Janes Holly, Pepe Margaret S
Department of Biostatistics, Johns Hopkins Bloomberg School of Public Health, 615 N. Wolfe St., Baltimore, MD 21205, USA.
Biometrics. 2008 Mar;64(1):1-9. doi: 10.1111/j.1541-0420.2007.00823.x. Epub 2007 May 14.

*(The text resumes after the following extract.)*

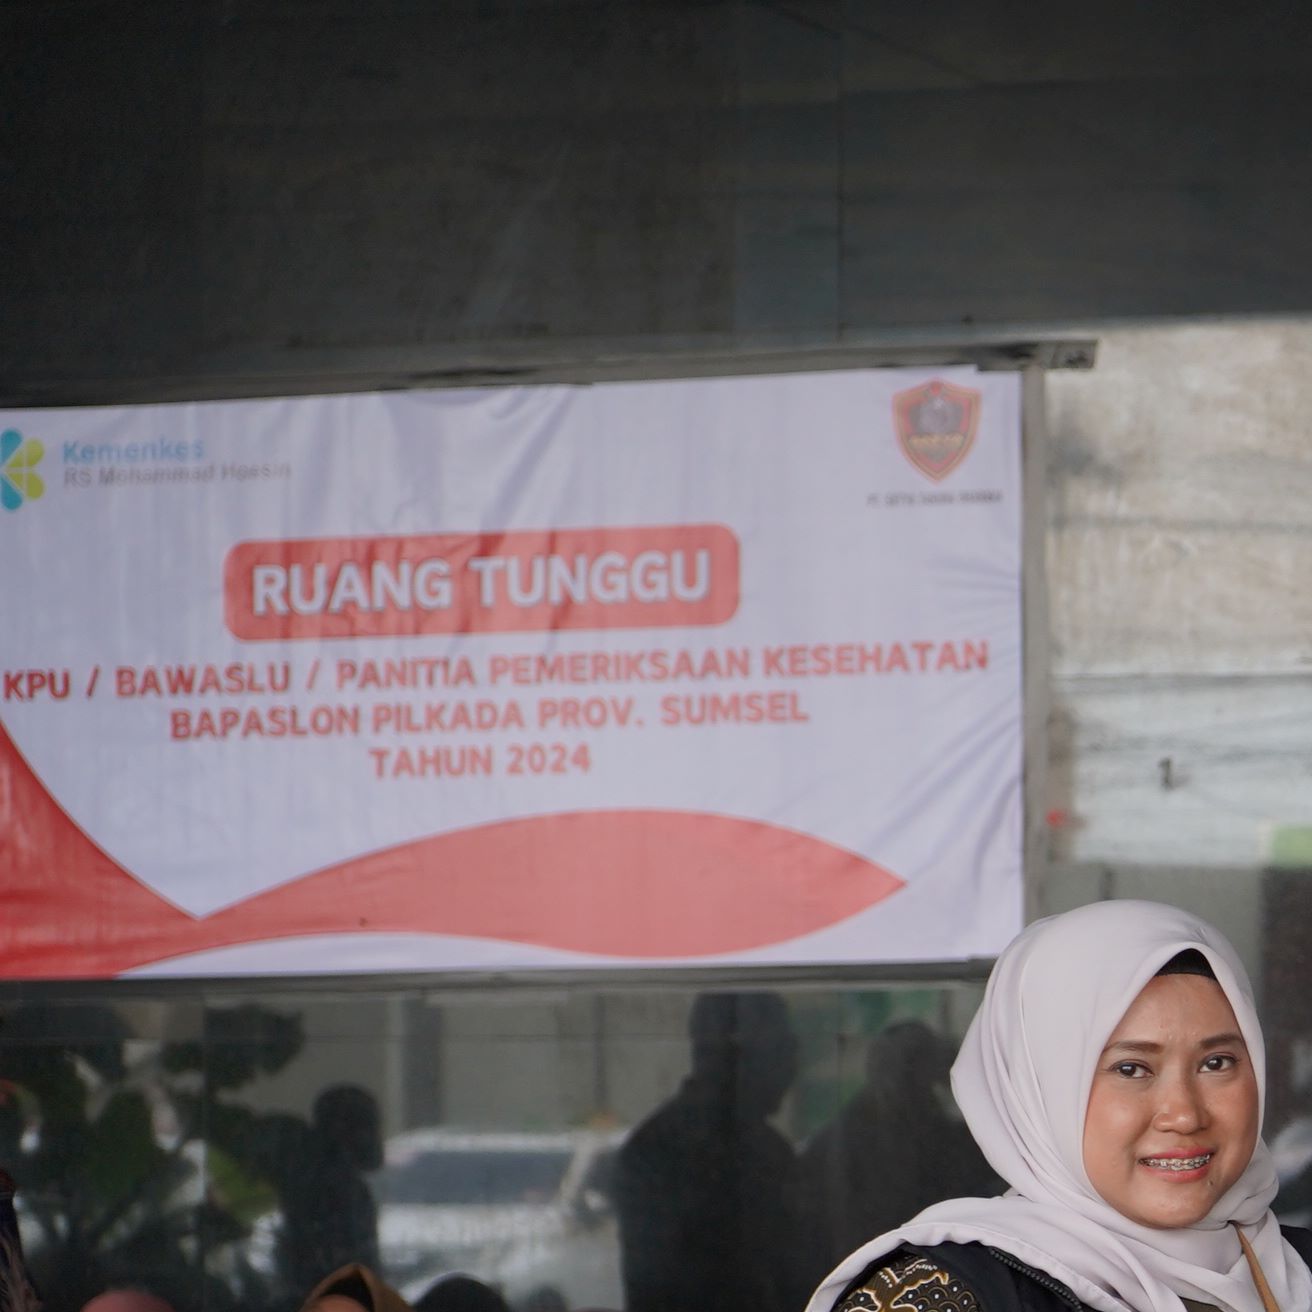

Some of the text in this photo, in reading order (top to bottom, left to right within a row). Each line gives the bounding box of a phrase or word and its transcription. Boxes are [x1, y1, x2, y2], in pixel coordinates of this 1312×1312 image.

In case-control studies evaluating the classification accuracy of a marker, controls are often matched to cases with respect to factors associated with the marker and disease status. In contrast with matching in epidemiologic etiology studies, matching in the classification setting has not been rigorously studied. In this article, we consider the implications of matching in terms of the choice of statistical analysis, efficiency, and assessment of the incremental value of the marker over the matching covariates. We find that adjustment for the matching covariates is essential, as unadjusted summaries of classification accuracy can be biased. In many settings, matching is the most efficient covariate-dependent sampling scheme, and we provide an expression for the optimal matching ratio. However, we also show that matching greatly complicates estimation of the incremental value of the marker. We recommend that matching be carefully considered in the context of these findings.
在评估标志物分类准确性的病例对照研究中,对照通常会在与标志物及疾病状态相关的因素方面与病例进行匹配。与流行病学病因学研究中的匹配不同,分类环境中的匹配尚未得到严格研究。在本文中,我们从统计分析的选择、效率以及标志物相对于匹配协变量的增量价值评估等方面考虑匹配的影响。我们发现对匹配协变量进行调整至关重要,因为未经调整的分类准确性汇总可能存在偏差。在许多情况下,匹配是最有效的依赖协变量的抽样方案,并且我们给出了最优匹配比的表达式。然而我们也表明,匹配极大地复杂化了标志物增量价值的估计。我们建议在这些研究结果的背景下仔细考虑匹配问题。